OBJECTIVE: To evaluate the effect of load-cycle aging and/or 6 months artificial saliva (AS) storage on bond durability and interfacial ultramorphology of resin-modified glass ionomer cement (RMGIC) applied onto dentine air-abraded using Bioglass 45S5 (BAG) with/without polyacrylic acid (PAA) conditioning. METHODS: RMGIC (Ionolux, VOCO) was applied onto human dentine specimens prepared with silicon-carbide abrasive paper or air-abraded with BAG with or without the use of PAA conditioning. Half of bonded-teeth were submitted to load cycling (150,000 cycles) and half immersed in deionised water for 24 h. They were cut into matchsticks and submitted immediately to microtensile bond strength (μTBS) testing or 6 months in AS immersion and subsequently μTBS tested. Results were analysed statistically by two-way ANOVA and Student-Newman-Keuls test (α = 0.05).
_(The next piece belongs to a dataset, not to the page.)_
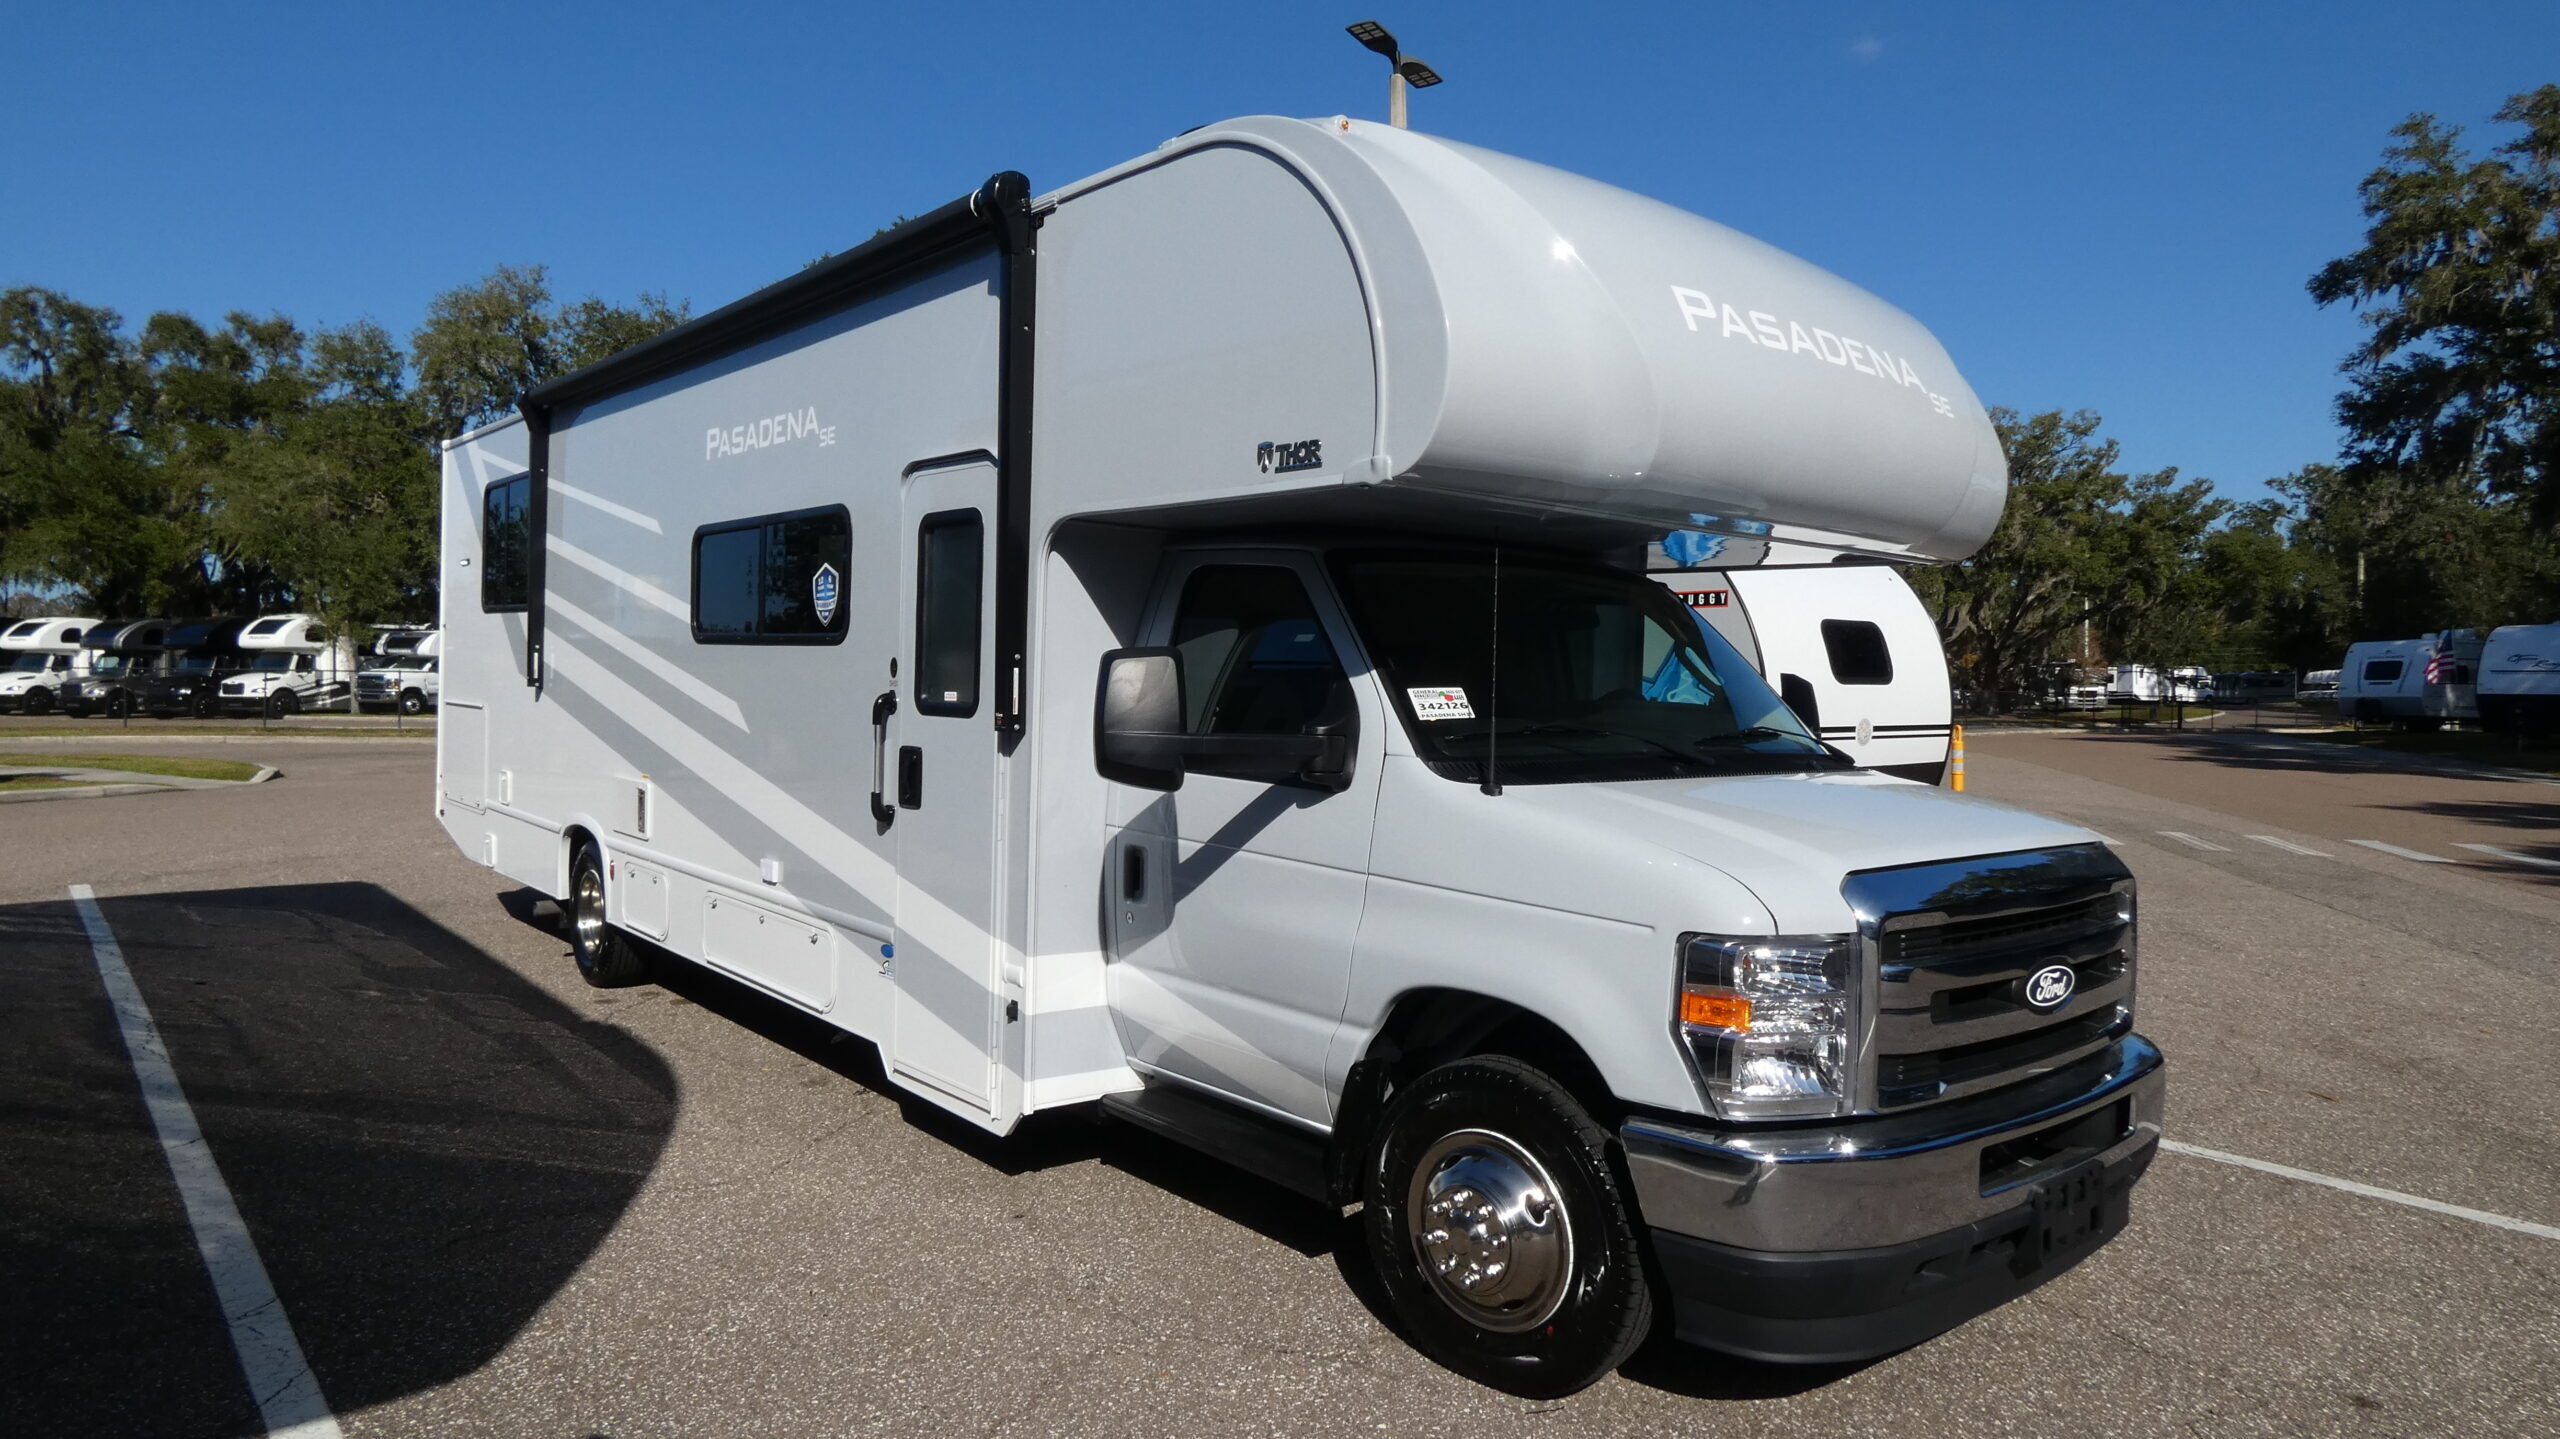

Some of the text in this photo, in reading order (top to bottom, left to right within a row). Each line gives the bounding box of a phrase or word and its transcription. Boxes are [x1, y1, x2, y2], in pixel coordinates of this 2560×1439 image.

Fractographic analysis was performed using FE-SEM, while further RMGIC-bonded specimens were surveyed for interfacial ultramorphology characterisation (dye-assisted nanoleakage) using confocal microscopy. RESULTS: RMGIC applied onto dentine air-abraded with BAG regardless PAA showed no significant μTBS reduction after 6 months of AS storage and/or load cycling (p > 0.05). RMGIC-dentine interface showed no sign of degradation/nanoleakage after both aging regimens. Conversely, interfaces created in PAA-conditioned SiC-abraded specimens showed significant reduction in μTBS (p < 0.05) after 6 months of storage and/or load cycling with evident porosities within bonding interface. CONCLUSIONS: Dentine pre-treatment using BAG air-abrasion might be a suitable strategy to enhance the bonding performance and durability of RMGIC applied to dentine. The use of PAA conditioner in smear layer-covered dentine may increase the risk of degradation at the bonding interface. CLINICAL SIGNIFICANCE: A combined dentine pre-treatment using bioglass followed by PAA may increase the bond strength and maintain it stable over time. Conversely, the use of PAA conditioning alone may offer no significant contribute to the immediate and prolonged bonding performance.